[Collected data]
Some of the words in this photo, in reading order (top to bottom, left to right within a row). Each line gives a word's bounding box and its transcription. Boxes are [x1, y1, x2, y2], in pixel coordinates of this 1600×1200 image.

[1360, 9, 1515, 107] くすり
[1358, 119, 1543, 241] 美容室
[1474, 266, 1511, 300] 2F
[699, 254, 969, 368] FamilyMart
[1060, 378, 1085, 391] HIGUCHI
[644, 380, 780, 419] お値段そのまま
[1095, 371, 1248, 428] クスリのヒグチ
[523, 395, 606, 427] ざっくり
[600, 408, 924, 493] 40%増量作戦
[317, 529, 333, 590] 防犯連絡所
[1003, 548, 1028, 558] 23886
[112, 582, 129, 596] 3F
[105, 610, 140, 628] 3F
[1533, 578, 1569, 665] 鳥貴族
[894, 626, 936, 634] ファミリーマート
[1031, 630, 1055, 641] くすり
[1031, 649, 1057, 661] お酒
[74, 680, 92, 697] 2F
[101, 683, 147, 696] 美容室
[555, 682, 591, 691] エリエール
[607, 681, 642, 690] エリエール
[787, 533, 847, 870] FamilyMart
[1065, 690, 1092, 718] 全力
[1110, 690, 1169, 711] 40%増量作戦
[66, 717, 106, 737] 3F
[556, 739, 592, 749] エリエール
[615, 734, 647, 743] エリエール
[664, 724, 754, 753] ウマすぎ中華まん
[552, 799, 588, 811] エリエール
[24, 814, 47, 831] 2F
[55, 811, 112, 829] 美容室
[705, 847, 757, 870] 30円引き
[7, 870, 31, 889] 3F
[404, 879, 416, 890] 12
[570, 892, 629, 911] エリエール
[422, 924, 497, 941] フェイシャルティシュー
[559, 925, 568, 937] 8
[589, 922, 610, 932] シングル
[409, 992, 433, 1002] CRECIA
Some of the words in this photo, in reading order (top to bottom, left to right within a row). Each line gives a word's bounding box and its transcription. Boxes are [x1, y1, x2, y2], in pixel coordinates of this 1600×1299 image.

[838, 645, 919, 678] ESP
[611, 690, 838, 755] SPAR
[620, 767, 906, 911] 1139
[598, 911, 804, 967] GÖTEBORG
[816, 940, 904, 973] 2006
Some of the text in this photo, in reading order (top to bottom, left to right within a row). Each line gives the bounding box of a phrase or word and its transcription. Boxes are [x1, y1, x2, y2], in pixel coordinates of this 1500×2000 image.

• Exercise
Reproduce the records above in full, without altering a single character.

• Task solution
Some of the words in this photo, in reading order (top to bottom, left to right within a row). Each line gives a word's bounding box and its transcription. Boxes are [x1, y1, x2, y2], in pixel coordinates of this 1600×1200 image.

[1360, 9, 1515, 107] くすり
[1358, 119, 1543, 241] 美容室
[1474, 266, 1511, 300] 2F
[699, 254, 969, 368] FamilyMart
[1060, 378, 1085, 391] HIGUCHI
[644, 380, 780, 419] お値段そのまま
[1095, 371, 1248, 428] クスリのヒグチ
[523, 395, 606, 427] ざっくり
[600, 408, 924, 493] 40%増量作戦
[317, 529, 333, 590] 防犯連絡所
[1003, 548, 1028, 558] 23886
[112, 582, 129, 596] 3F
[105, 610, 140, 628] 3F
[1533, 578, 1569, 665] 鳥貴族
[894, 626, 936, 634] ファミリーマート
[1031, 630, 1055, 641] くすり
[1031, 649, 1057, 661] お酒
[74, 680, 92, 697] 2F
[101, 683, 147, 696] 美容室
[555, 682, 591, 691] エリエール
[607, 681, 642, 690] エリエール
[787, 533, 847, 870] FamilyMart
[1065, 690, 1092, 718] 全力
[1110, 690, 1169, 711] 40%増量作戦
[66, 717, 106, 737] 3F
[556, 739, 592, 749] エリエール
[615, 734, 647, 743] エリエール
[664, 724, 754, 753] ウマすぎ中華まん
[552, 799, 588, 811] エリエール
[24, 814, 47, 831] 2F
[55, 811, 112, 829] 美容室
[705, 847, 757, 870] 30円引き
[7, 870, 31, 889] 3F
[404, 879, 416, 890] 12
[570, 892, 629, 911] エリエール
[422, 924, 497, 941] フェイシャルティシュー
[559, 925, 568, 937] 8
[589, 922, 610, 932] シングル
[409, 992, 433, 1002] CRECIA
Some of the words in this photo, in reading order (top to bottom, left to right within a row). Each line gives a word's bounding box and its transcription. Boxes are [x1, y1, x2, y2], in pixel coordinates of this 1600×1299 image.

[838, 645, 919, 678] ESP
[611, 690, 838, 755] SPAR
[620, 767, 906, 911] 1139
[598, 911, 804, 967] GÖTEBORG
[816, 940, 904, 973] 2006
Some of the text in this photo, in reading order (top to bottom, left to right within a row). Each line gives the bounding box of a phrase or word and its transcription. Boxes are [x1, y1, x2, y2], in pixel coordinates of this 1500×2000 image.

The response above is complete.